** Exercise goal **
Copy each entry verbatim, excluding its images.

(Dataset records)

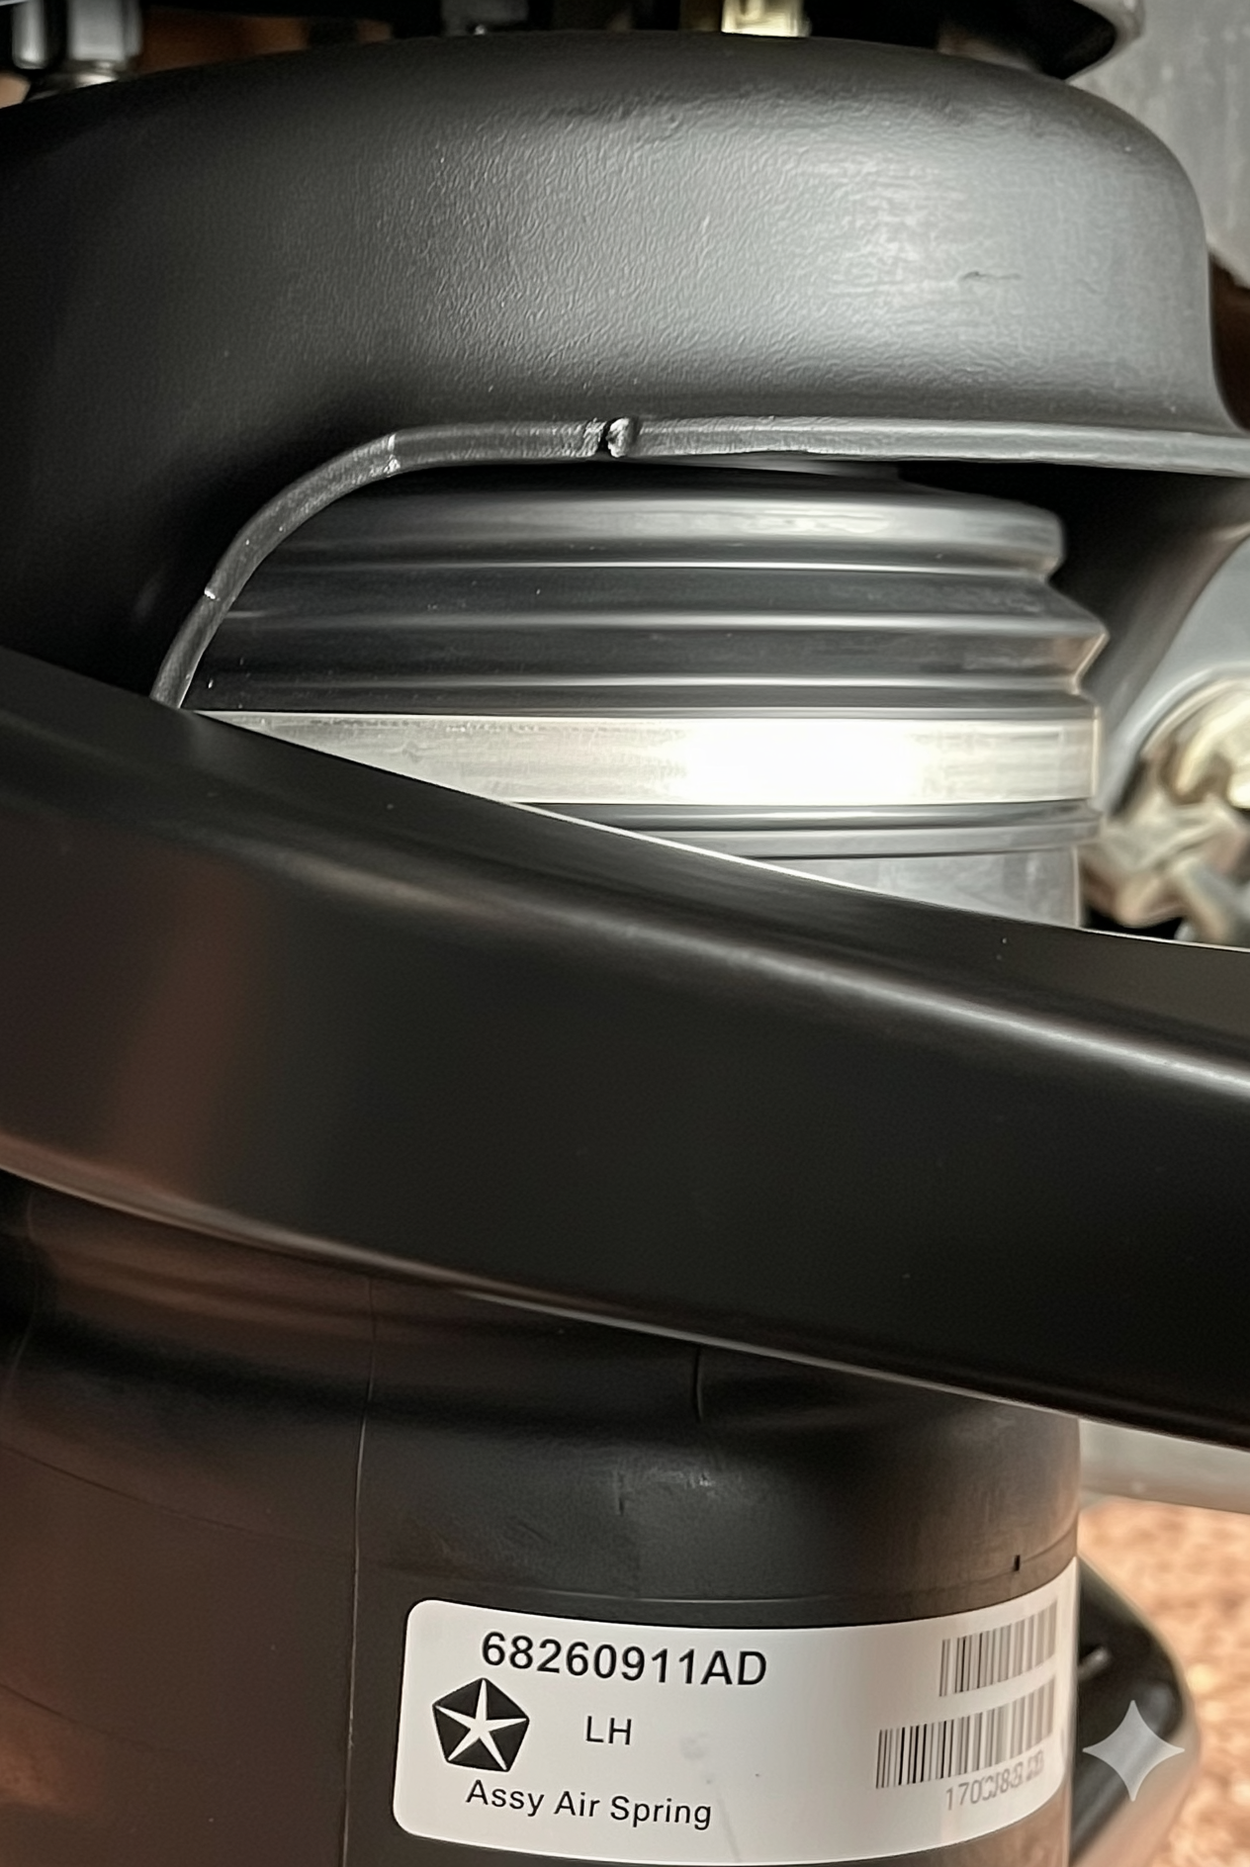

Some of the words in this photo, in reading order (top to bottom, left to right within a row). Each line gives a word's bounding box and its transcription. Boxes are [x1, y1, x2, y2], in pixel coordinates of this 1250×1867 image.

[481, 1631, 768, 1687] 68260911AD
[585, 1714, 633, 1747] LH
[465, 1778, 546, 1818] Assy
[553, 1789, 602, 1818] Air
[609, 1794, 712, 1832] Spring
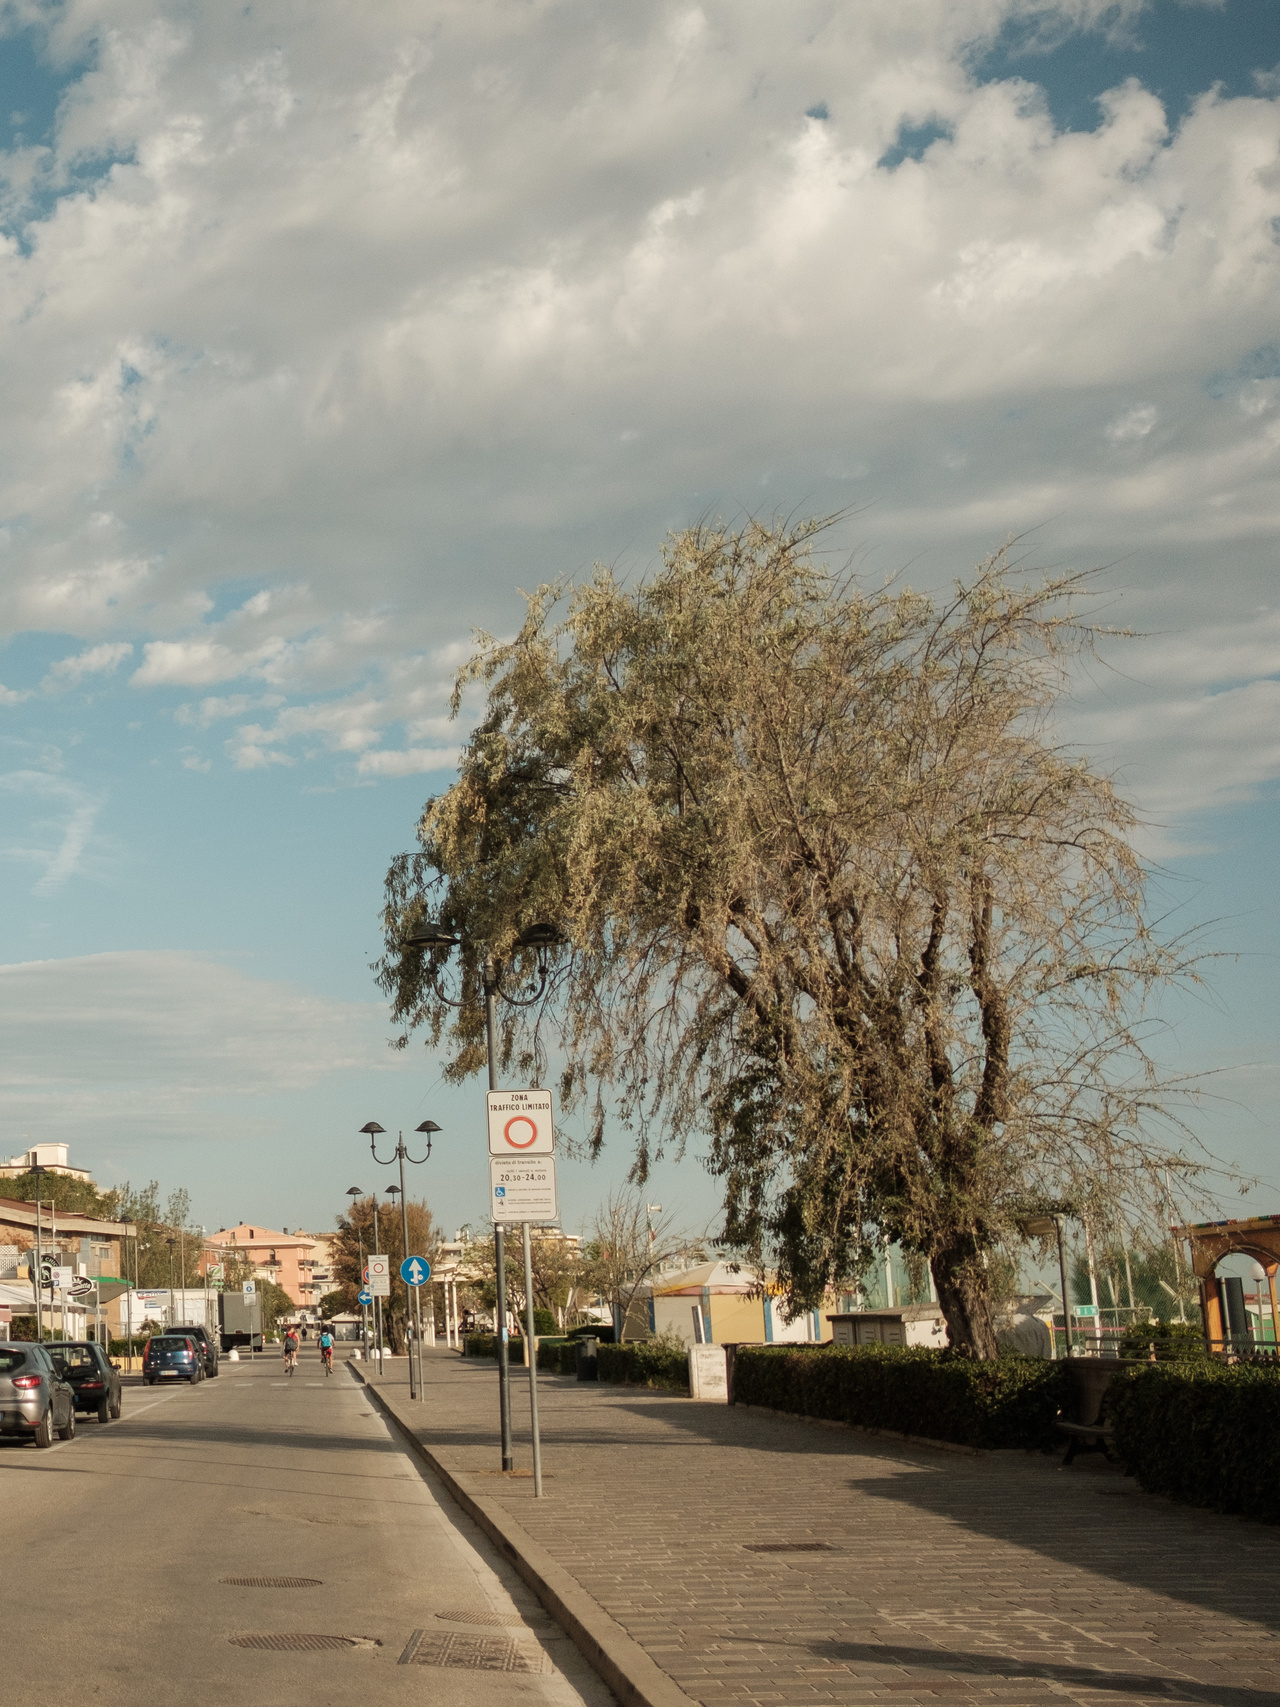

(End Dataset records)

** Expected answer **
Some of the words in this photo, in reading order (top to bottom, left to right within a row). Each line gives a word's bounding box and its transcription. Boxes are [x1, y1, x2, y2], in pixel coordinates of this 1250×1867 image.

[481, 1631, 768, 1687] 68260911AD
[585, 1714, 633, 1747] LH
[465, 1778, 546, 1818] Assy
[553, 1789, 602, 1818] Air
[609, 1794, 712, 1832] Spring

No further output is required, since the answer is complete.